Recorded information:
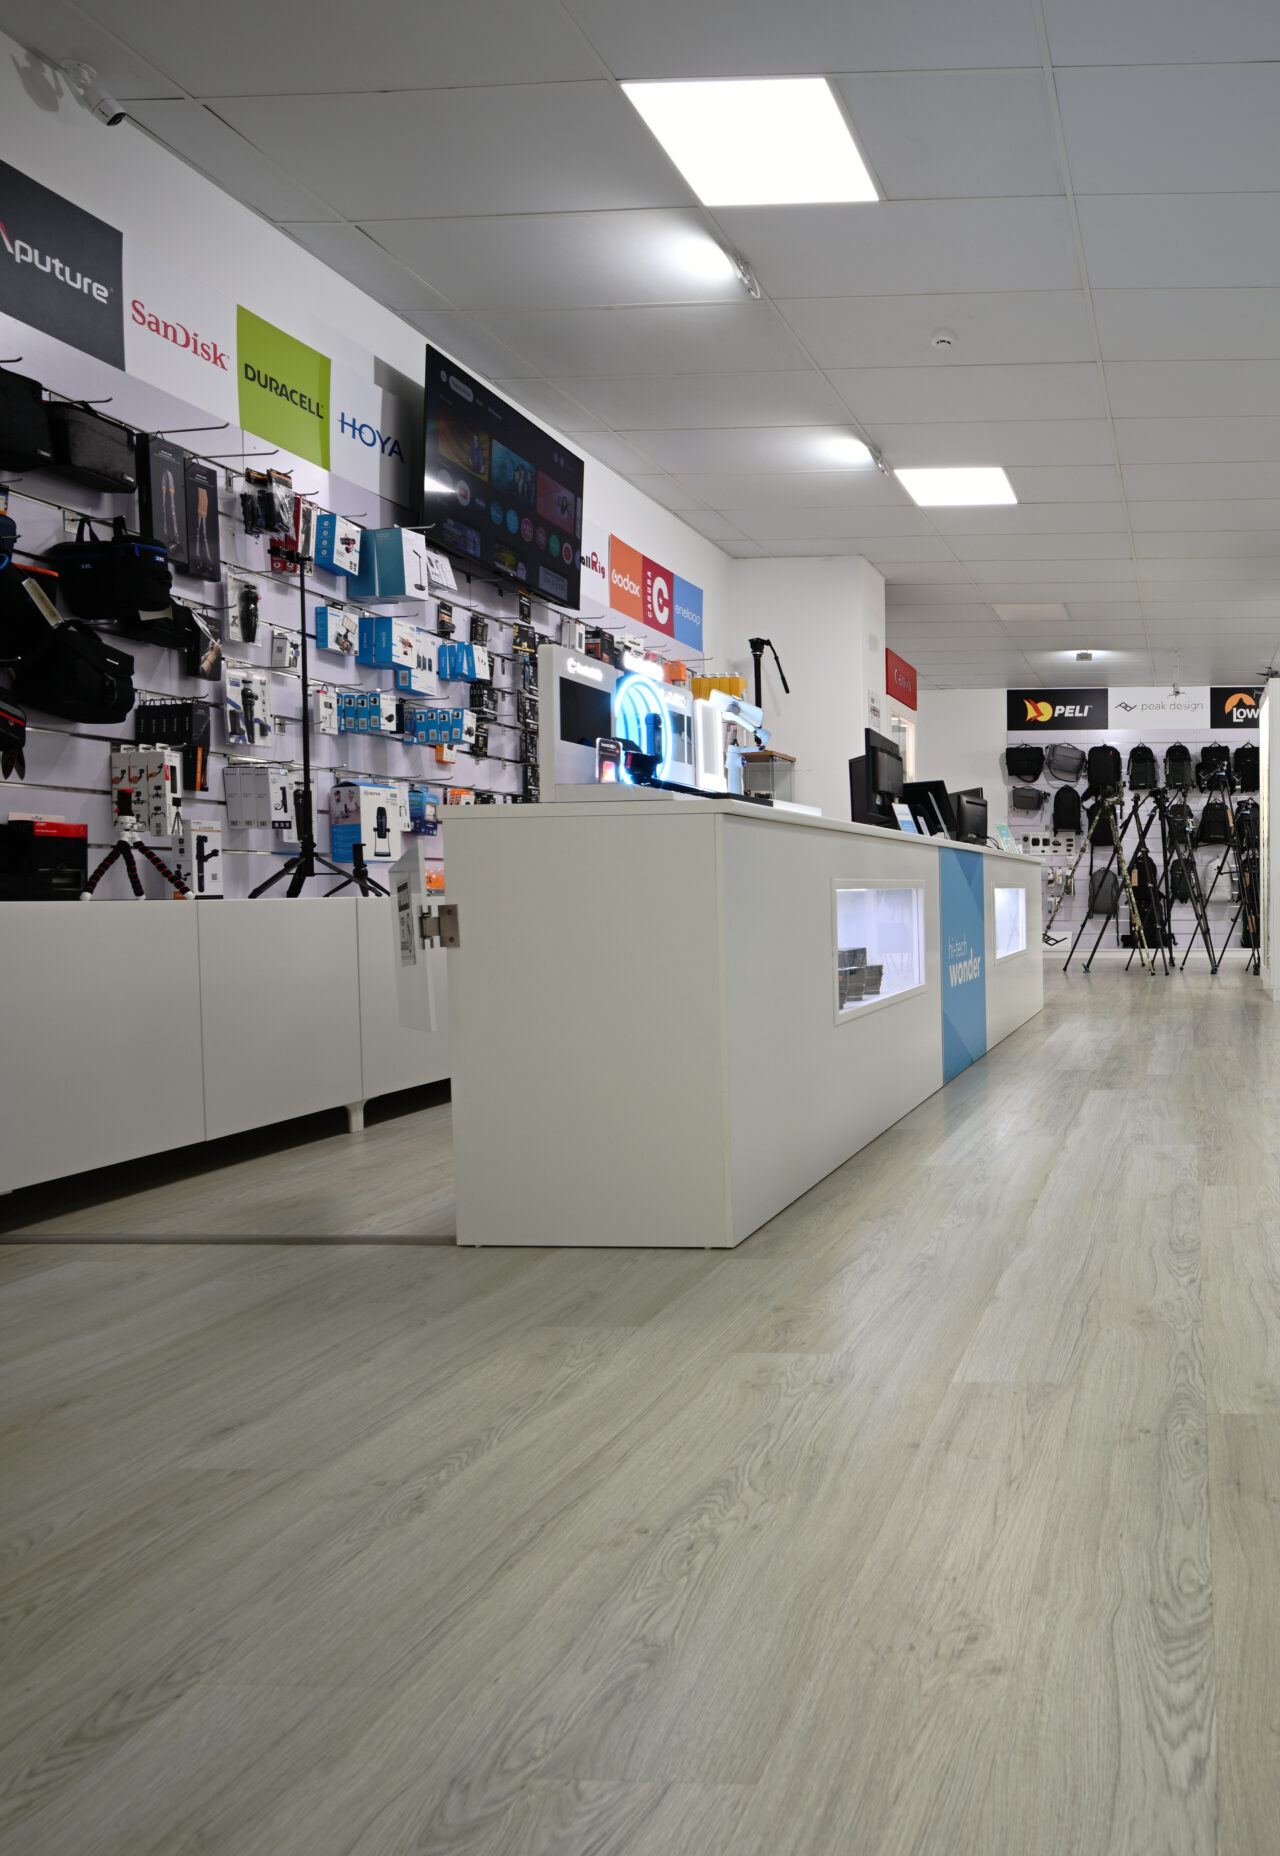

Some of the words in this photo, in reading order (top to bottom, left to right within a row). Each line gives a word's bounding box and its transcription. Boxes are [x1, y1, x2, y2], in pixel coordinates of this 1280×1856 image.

[131, 299, 228, 371] SanDisk
[244, 363, 324, 419] DURACELL
[337, 412, 405, 463] HOYA
[611, 569, 640, 597] Godox
[674, 604, 701, 626] eneloop
[1054, 705, 1089, 717] PELI
[1141, 701, 1166, 711] peak
[1169, 701, 1204, 712] design
[1232, 707, 1259, 722] LOW
[949, 947, 981, 987] wonder

Task to carry out: All of the records above are to be written out exactly, minus their images.

Output for this exercise:
Some of the words in this photo, in reading order (top to bottom, left to right within a row). Each line gives a word's bounding box and its transcription. Boxes are [x1, y1, x2, y2], in pixel coordinates of this 1280×1856 image.

[131, 299, 228, 371] SanDisk
[244, 363, 324, 419] DURACELL
[337, 412, 405, 463] HOYA
[611, 569, 640, 597] Godox
[674, 604, 701, 626] eneloop
[1054, 705, 1089, 717] PELI
[1141, 701, 1166, 711] peak
[1169, 701, 1204, 712] design
[1232, 707, 1259, 722] LOW
[949, 947, 981, 987] wonder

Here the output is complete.